Records contained in a dataset
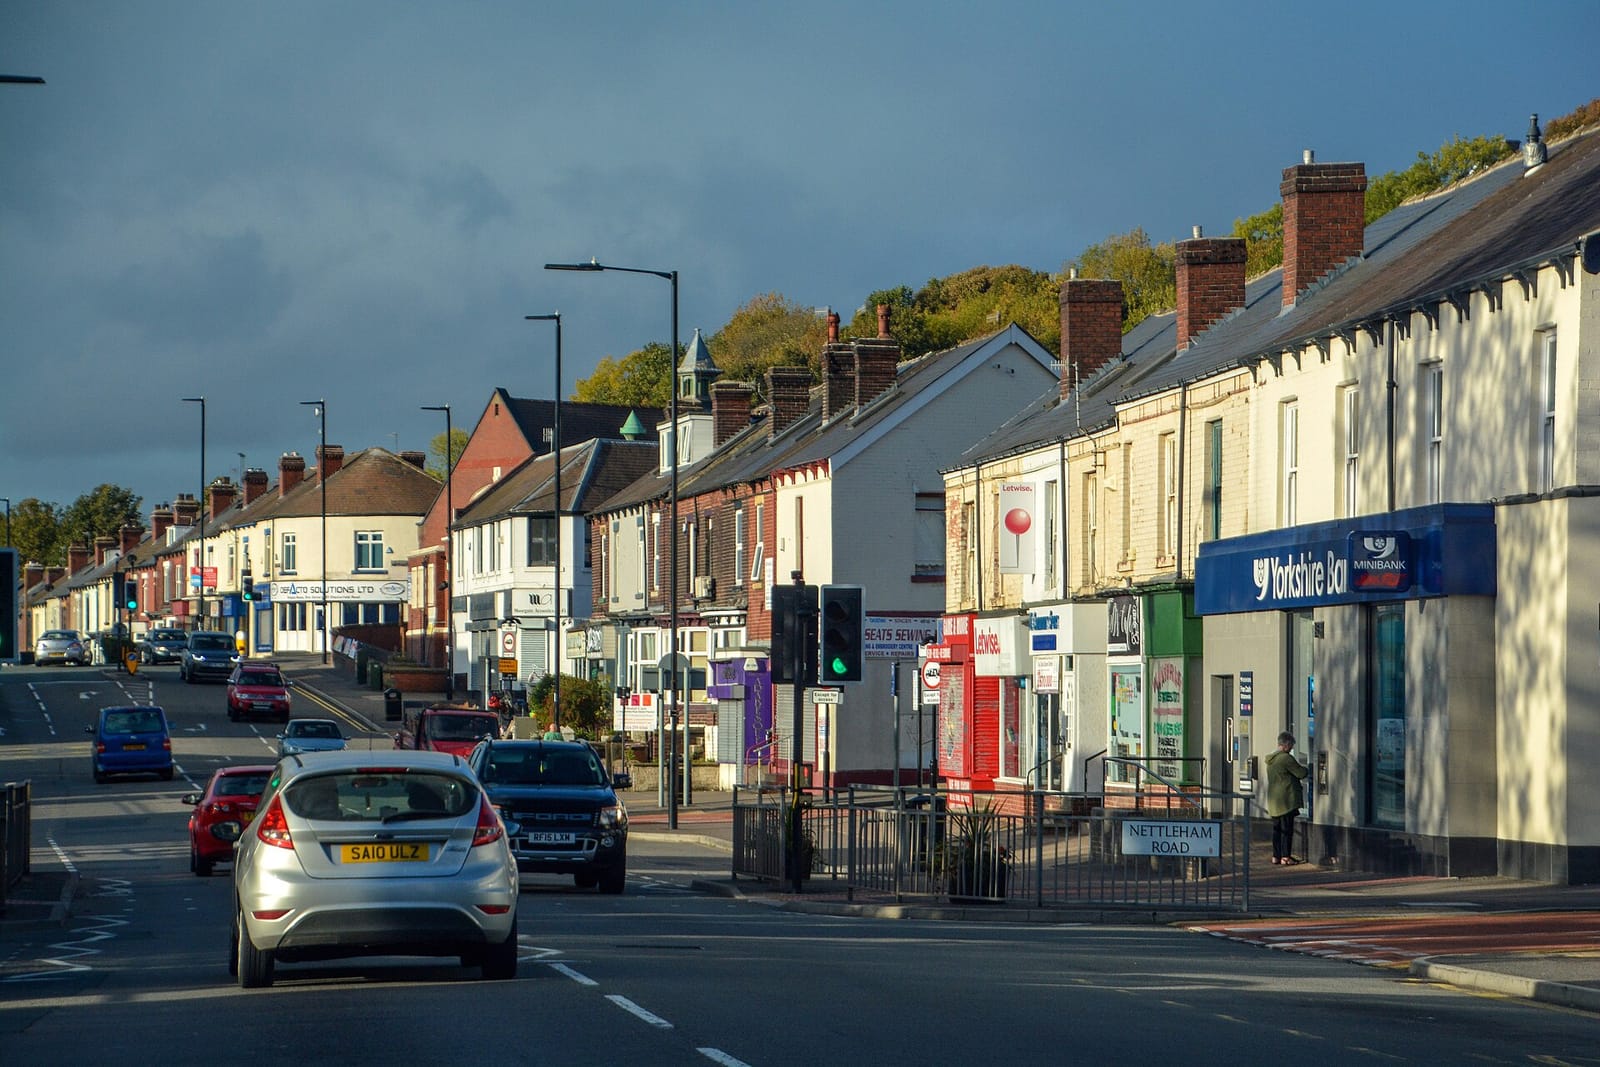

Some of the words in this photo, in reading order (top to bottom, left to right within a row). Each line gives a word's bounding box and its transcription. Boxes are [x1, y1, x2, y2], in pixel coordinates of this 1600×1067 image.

[1003, 484, 1033, 492] Letwise.
[1353, 560, 1406, 570] MINIBANK
[1270, 551, 1325, 600] Yorkshire
[310, 586, 355, 594] SOLUTIONS
[357, 585, 375, 594] LTD
[864, 628, 893, 641] SEATS
[895, 628, 932, 641] SEWING
[975, 626, 1001, 655] Letwise.
[1129, 824, 1212, 839] NETTLEHAM
[351, 846, 385, 860] SA10
[390, 845, 419, 859] ULZ
[1151, 841, 1190, 854] ROAD
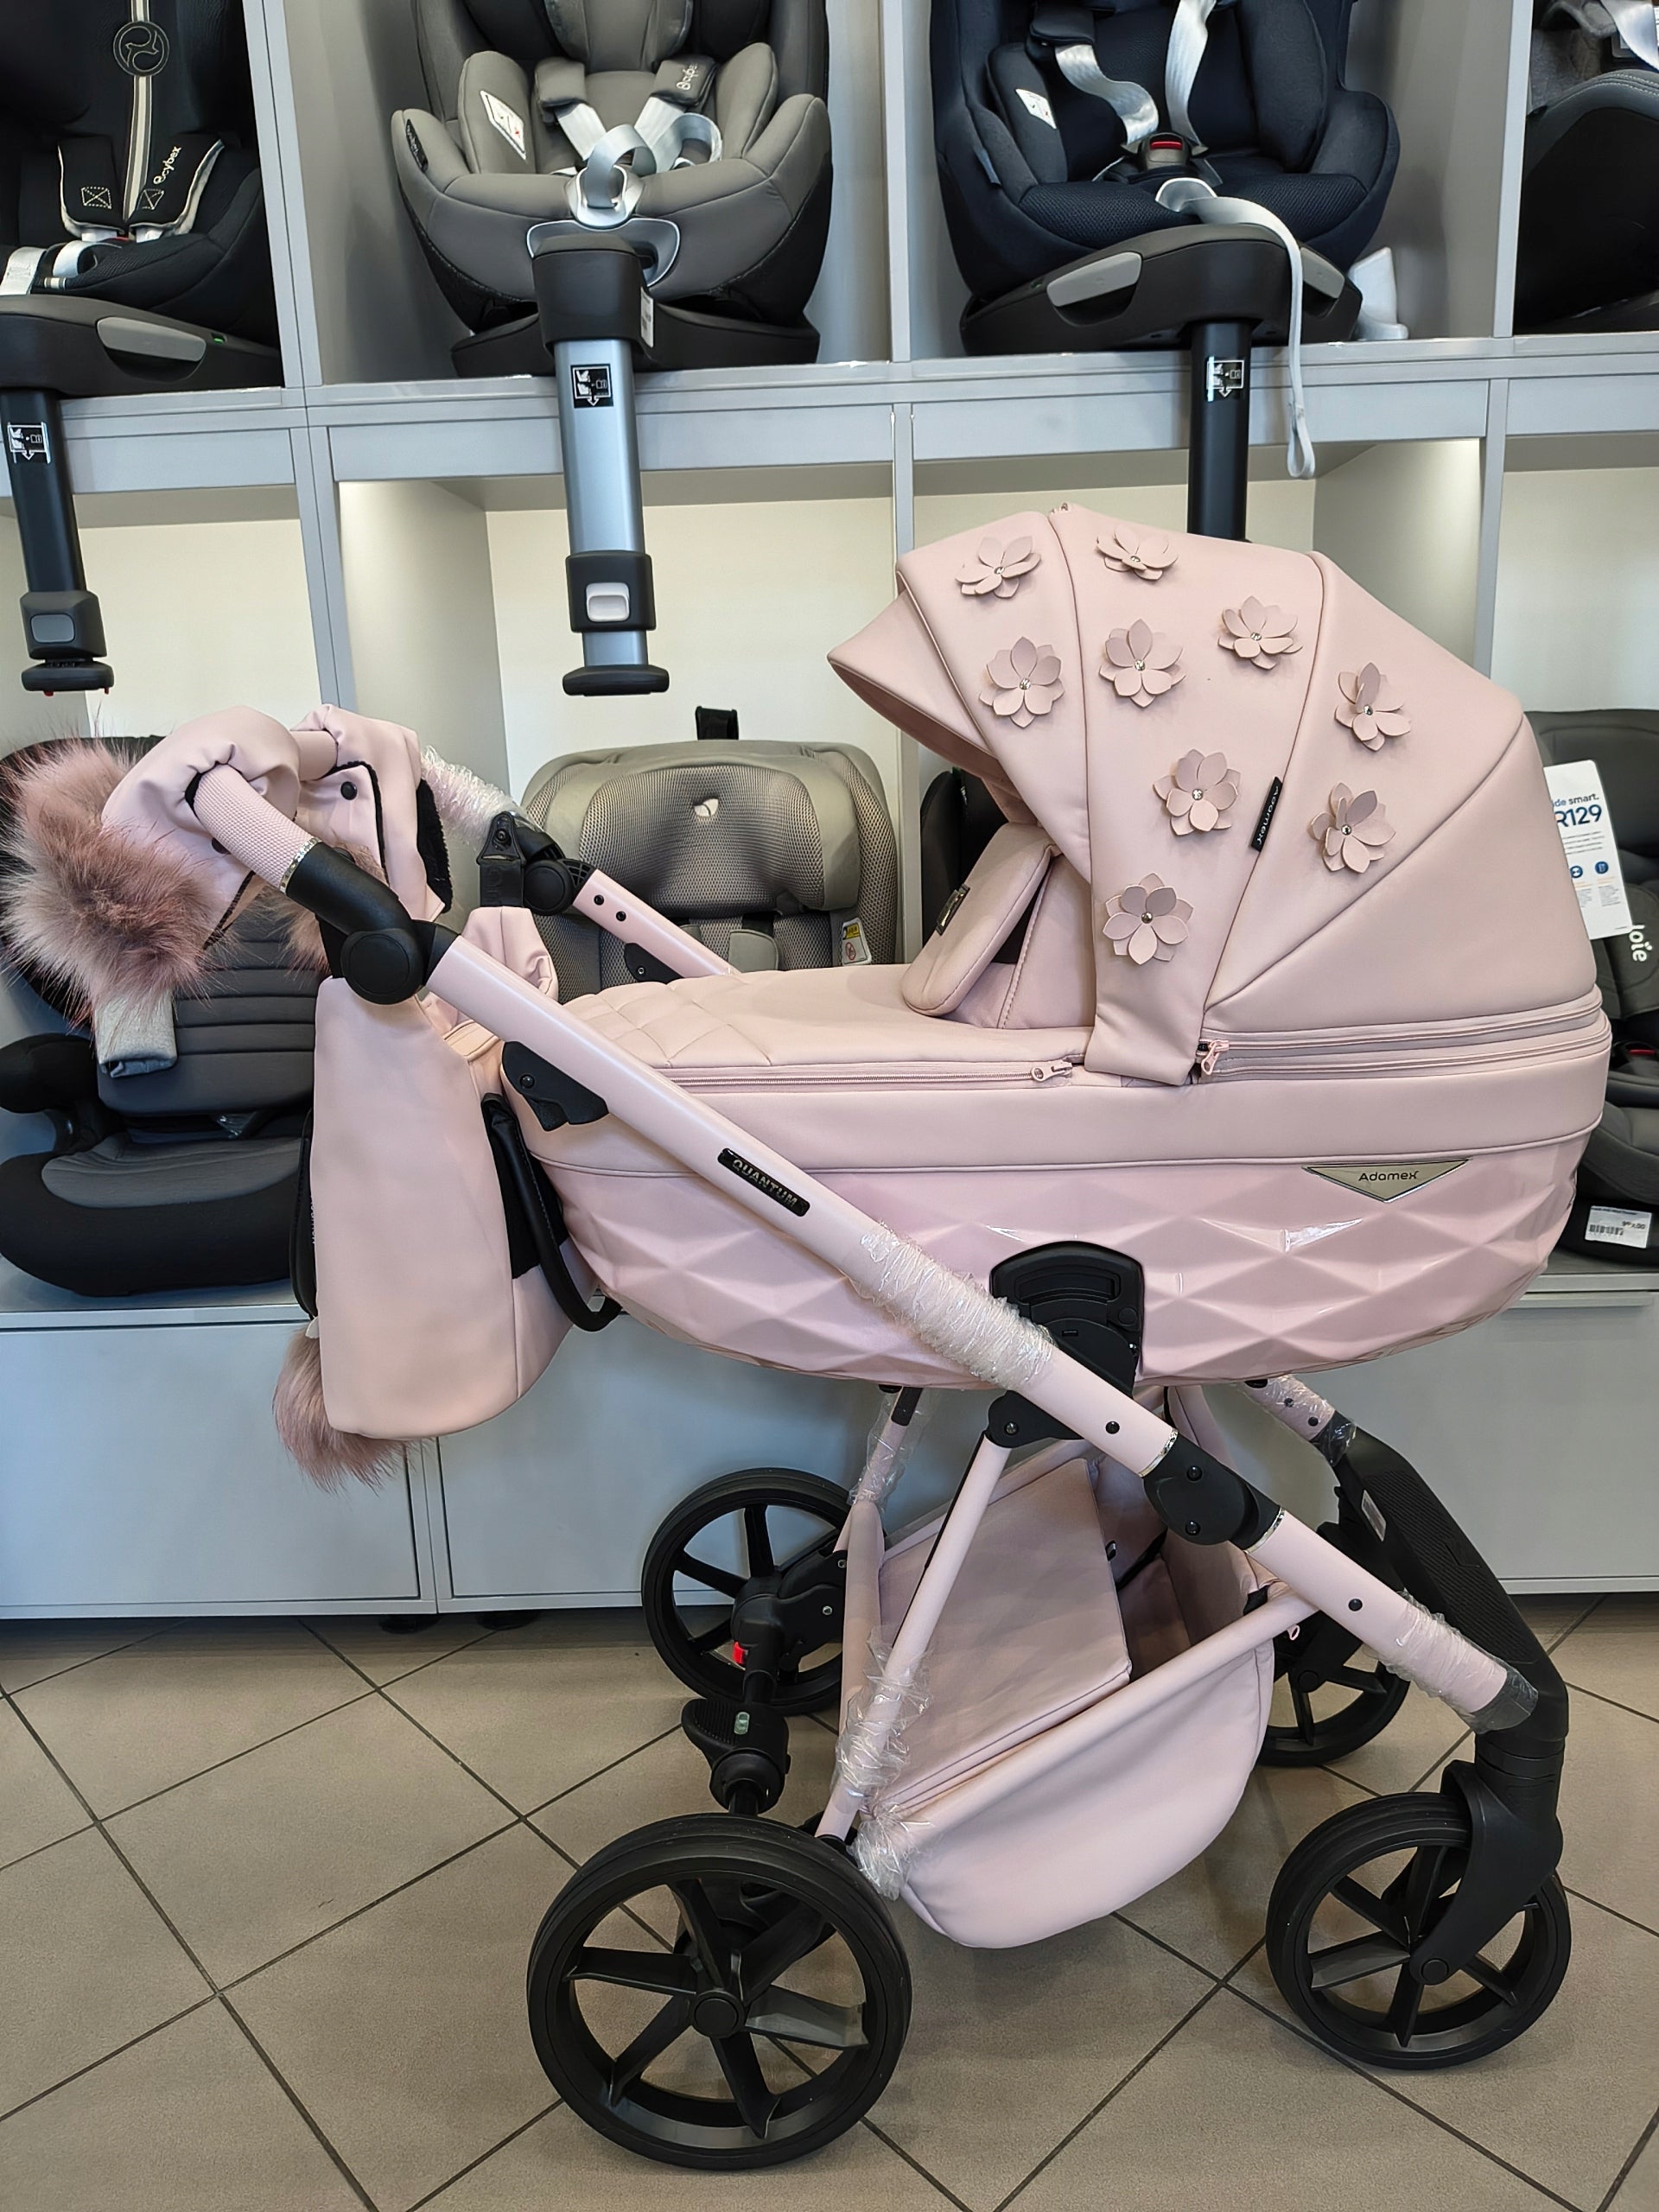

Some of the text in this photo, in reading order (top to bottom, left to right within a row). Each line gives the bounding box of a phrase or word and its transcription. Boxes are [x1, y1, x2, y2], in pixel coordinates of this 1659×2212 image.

[162, 146, 181, 177] cybex
[1568, 793, 1599, 805] smart.
[1554, 804, 1603, 828] R129
[732, 1159, 798, 1207] QUANTUM
[1358, 1170, 1420, 1181] Adamex

About this exercise
Keep only the lines from the line with "Some of the text" to the end of the records above, and repeat them exactly.

Exercise solution
Some of the text in this photo, in reading order (top to bottom, left to right within a row). Each line gives the bounding box of a phrase or word and its transcription. Boxes are [x1, y1, x2, y2], in pixel coordinates of this 1659×2212 image.

[162, 146, 181, 177] cybex
[1568, 793, 1599, 805] smart.
[1554, 804, 1603, 828] R129
[732, 1159, 798, 1207] QUANTUM
[1358, 1170, 1420, 1181] Adamex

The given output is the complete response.